ACTIVITY - Repeat the entries that follow verbatim, without any of their pictures.

EXCERPTED RECORDS -
[Start of section]

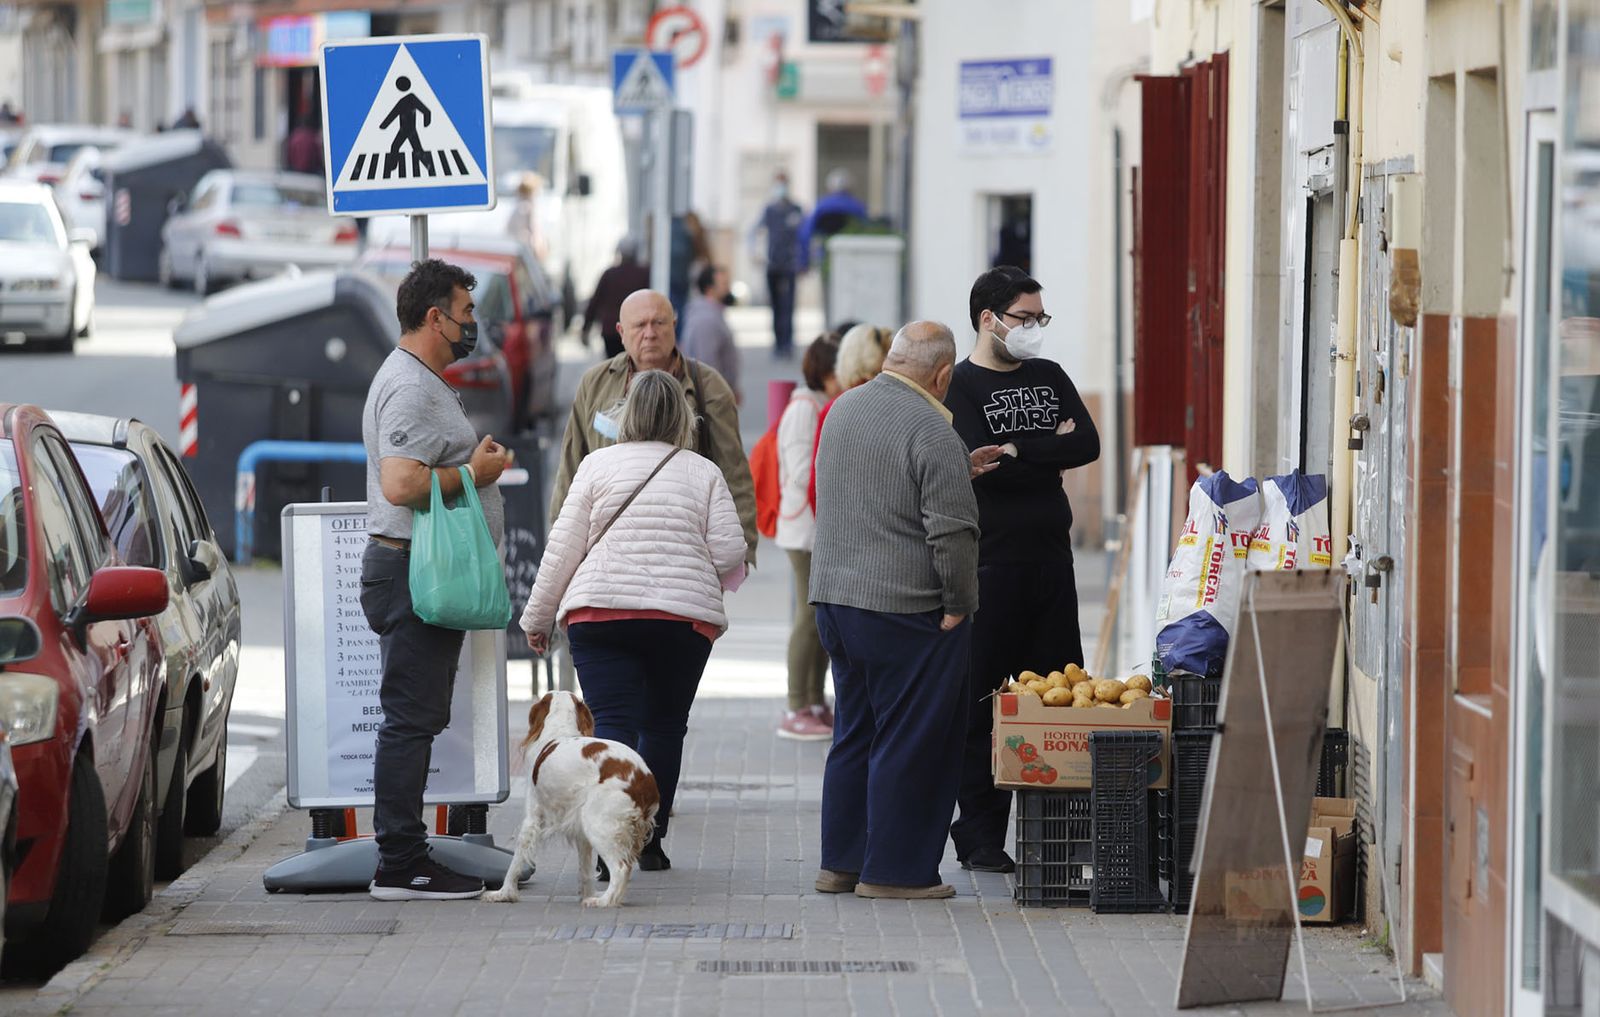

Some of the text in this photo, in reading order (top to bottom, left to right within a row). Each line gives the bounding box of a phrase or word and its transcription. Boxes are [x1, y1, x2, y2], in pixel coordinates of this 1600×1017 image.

[984, 386, 1059, 414] STAR
[986, 407, 1059, 434] WARS
[335, 550, 341, 560] 3
[336, 565, 342, 574] 3
[1203, 541, 1224, 606] TORCAL
[336, 580, 342, 589] 3
[337, 594, 343, 604] 3
[336, 608, 343, 618] 3
[337, 622, 343, 633] 3
[337, 637, 344, 647] 3
[337, 652, 344, 662] 3
[337, 667, 344, 677] 4

[End of section]

TASK OUTPUT -
Some of the text in this photo, in reading order (top to bottom, left to right within a row). Each line gives the bounding box of a phrase or word and its transcription. Boxes are [x1, y1, x2, y2], in pixel coordinates of this 1600×1017 image.

[984, 386, 1059, 414] STAR
[986, 407, 1059, 434] WARS
[335, 550, 341, 560] 3
[336, 565, 342, 574] 3
[1203, 541, 1224, 606] TORCAL
[336, 580, 342, 589] 3
[337, 594, 343, 604] 3
[336, 608, 343, 618] 3
[337, 622, 343, 633] 3
[337, 637, 344, 647] 3
[337, 652, 344, 662] 3
[337, 667, 344, 677] 4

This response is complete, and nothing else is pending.